This month, my editor at Pixelkin asked if I wanted to look for a game to review instead of being assigned one by her. Drunk with power, I searched through the recent PlayStation 4 releases until I found what I thought was a winner: Song of the Deep. It’s the story of a girl’s quest to find her father, and it looked beautiful. I presented it to my husband and my kids.

Them: No.
Me: What? It looks terrific!
Them: No. We want this one.
Me: …Worms?
Them: WORMS!
Me: Fine. Let’s go blow up some worms.

Worms W.M.D is pretty straightforward — you’re worms, and you’re trying to get rid of the other team of worms by shooting various weapons at them. It has single player and multiplayer options or you can play against people online. It’s set up in a very orderly way, and as someone who is deeply anal retentive, I appreciate that. You alternate turns with your opponent and have a set amount of time to make your move before it switches over to the other player. All of that cuts down on a lot of arguments, and that always get an A+ from me. But after doing a few training rounds and learning how to aim and fire, I worried that, even for a tech idiot like me, this game might be a little…well…boring.

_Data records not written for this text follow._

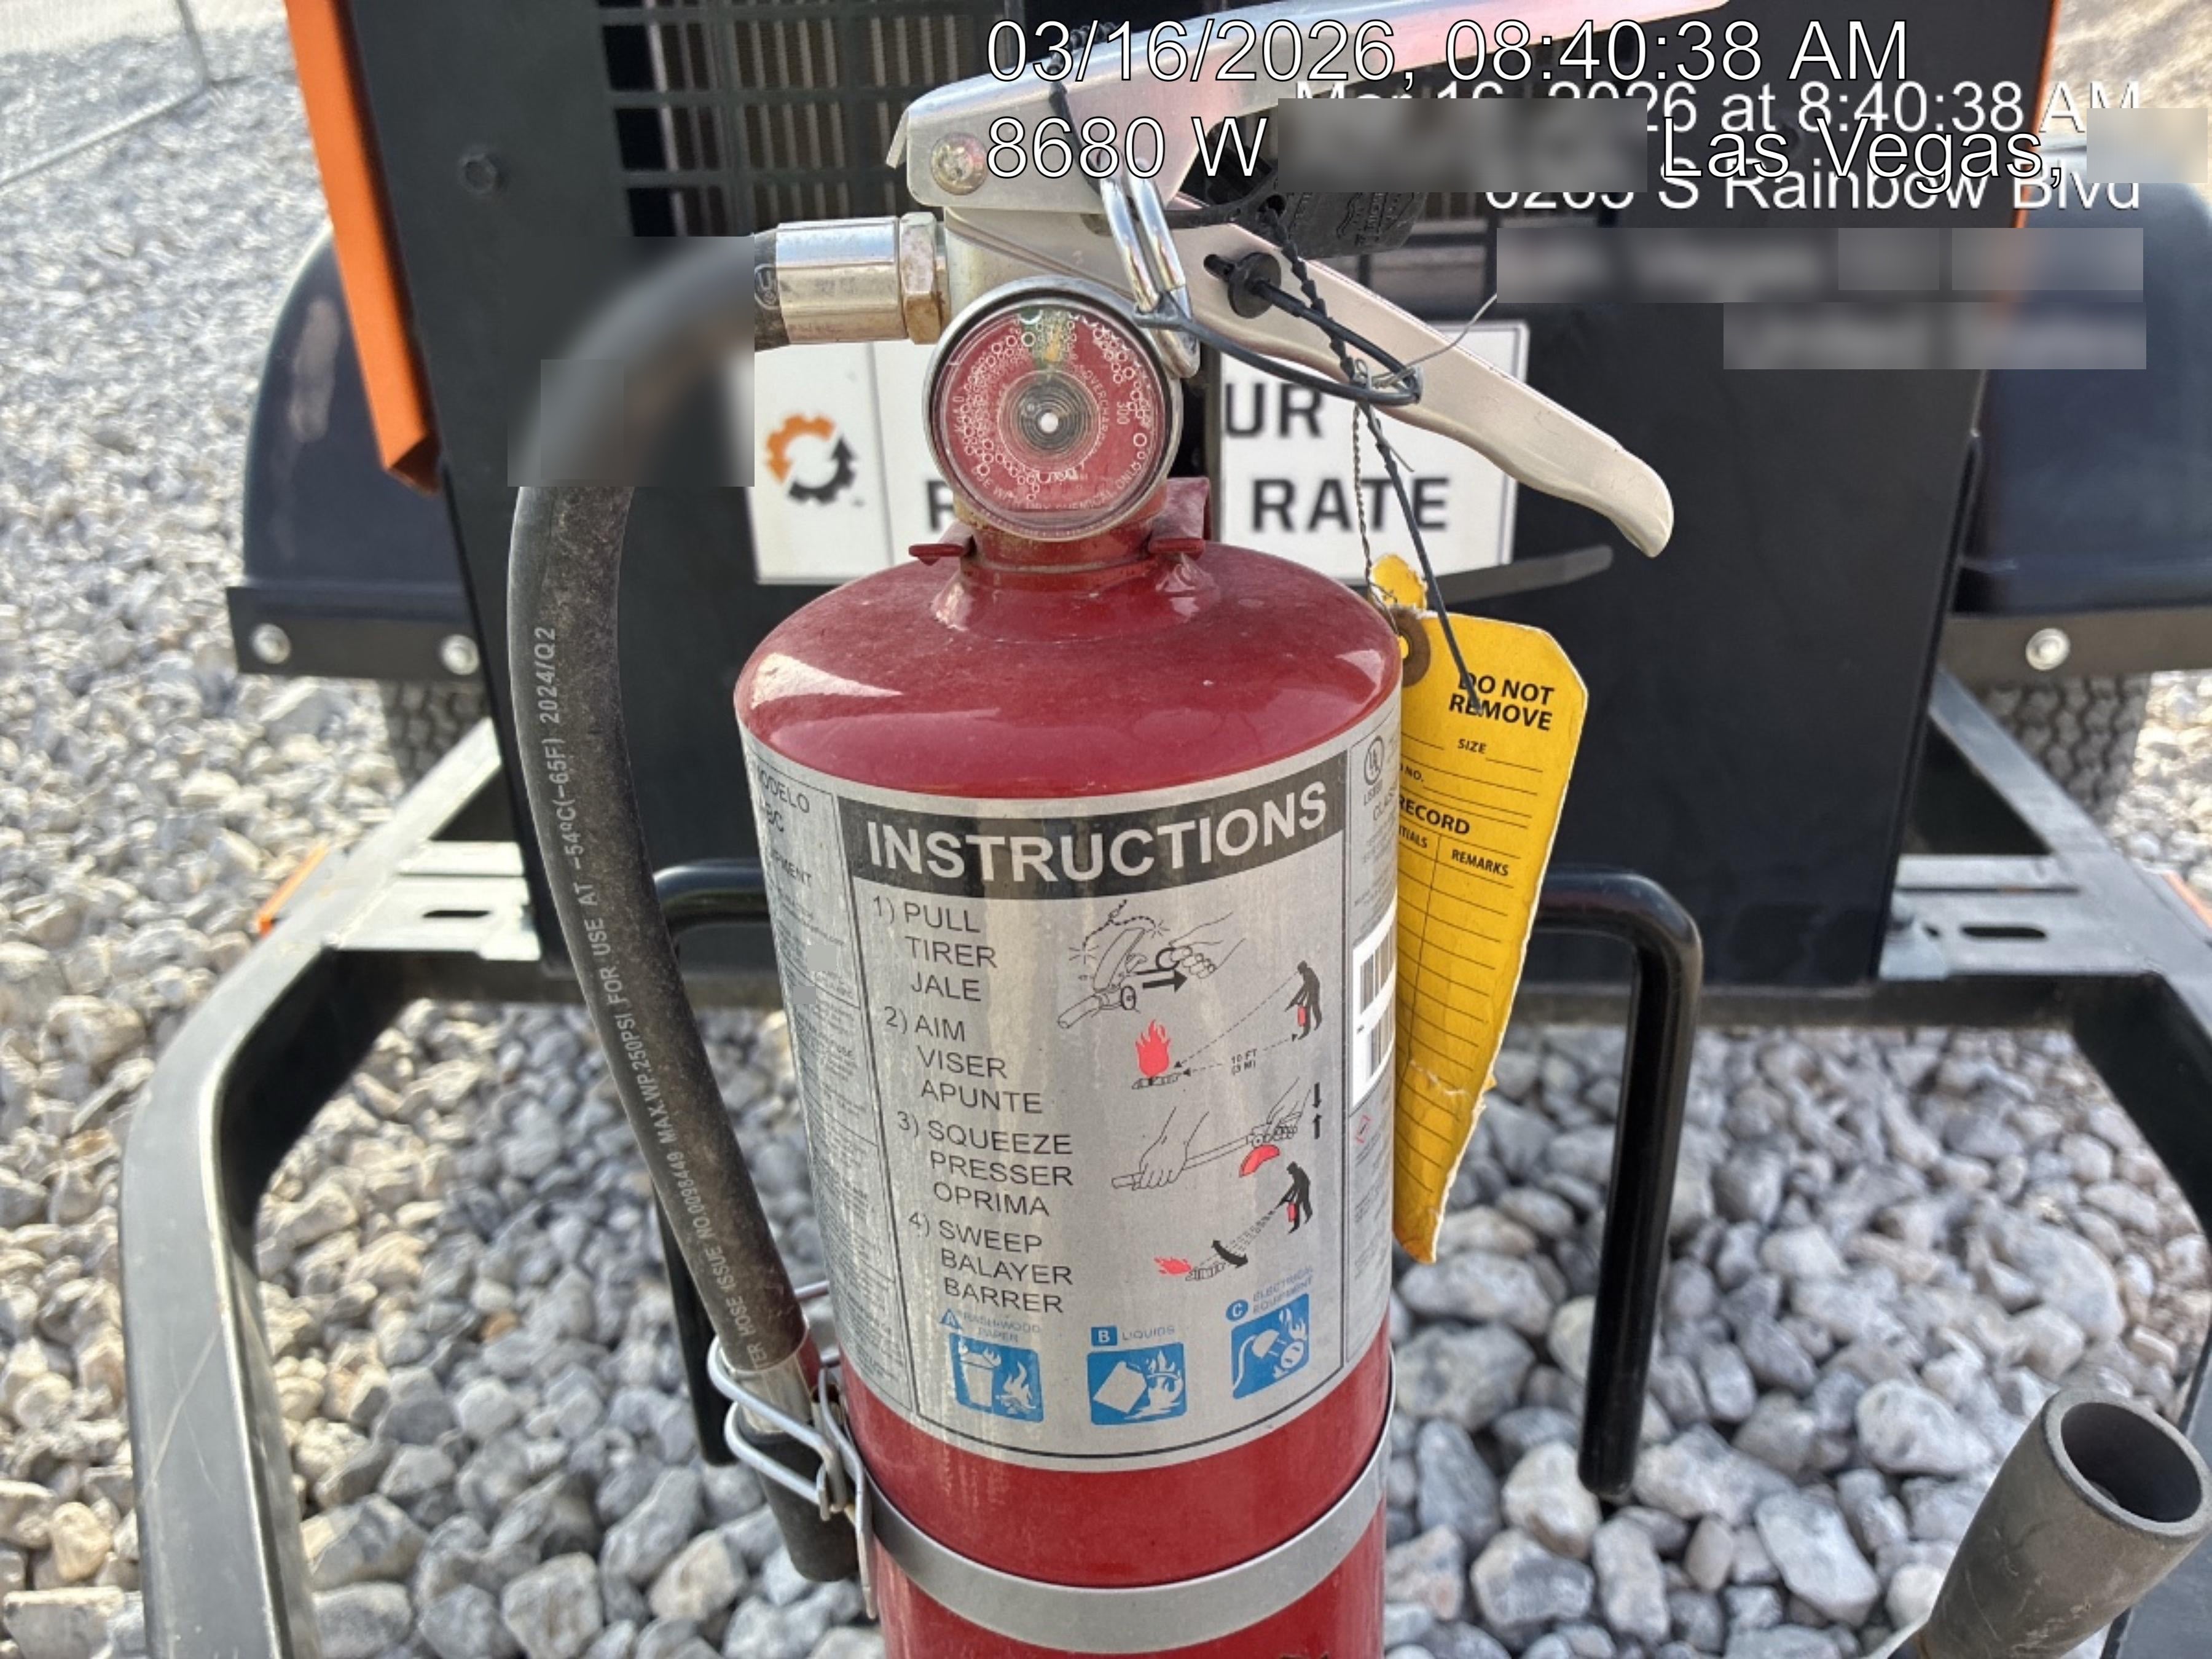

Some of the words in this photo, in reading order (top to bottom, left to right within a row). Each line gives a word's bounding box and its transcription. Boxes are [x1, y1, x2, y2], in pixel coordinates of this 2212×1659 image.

[1252, 477, 1450, 533] RATE
[533, 626, 560, 724] 2024/Q2
[1458, 672, 1496, 694] DO
[1501, 678, 1555, 706] NOT
[1448, 692, 1553, 731] REMOVE
[1457, 738, 1486, 755] SIZE
[758, 766, 810, 814] ODELO
[866, 779, 1327, 884] INSTRUCTIONS
[1451, 849, 1510, 877] REMARKS
[573, 882, 598, 906] AT
[873, 895, 895, 924] 1)
[904, 901, 981, 933] PULL
[584, 917, 611, 956] USE
[904, 935, 998, 969] TIRER
[599, 967, 627, 1006] FOR
[910, 971, 982, 1002] JALE
[884, 1005, 908, 1035] 2)
[914, 1014, 966, 1043] AIM
[917, 1045, 1008, 1080] VISER
[1245, 1048, 1258, 1061] FT
[921, 1079, 1043, 1115] APUNTE
[897, 1110, 919, 1138] 3)
[928, 1120, 1073, 1155] SQUEEZE
[930, 1150, 1074, 1186] PRESSER
[933, 1181, 1050, 1217] OPRIMA
[908, 1211, 931, 1237] 4)
[938, 1219, 1043, 1253] SWEEP
[704, 1245, 736, 1292] ISSUE
[941, 1247, 1073, 1285] BALAYER
[943, 1276, 1064, 1314] BARRER
[1233, 1303, 1243, 1317] C
[726, 1295, 757, 1338] HOSE
[1098, 1330, 1110, 1343] B
[1122, 1325, 1175, 1341] LIQUIDS

Worms tries to make what is fairly simple gameplay a little more interesting through its characters, which are, in case you missed it, worms. You get to choose which kind of worm team you want, which determines what your worms look and sound like. For the first round, my son picked Team Gav (I still have no clue what that means), and I picked Team Tasty because yum. My son put us in the “Orient” background and away we went.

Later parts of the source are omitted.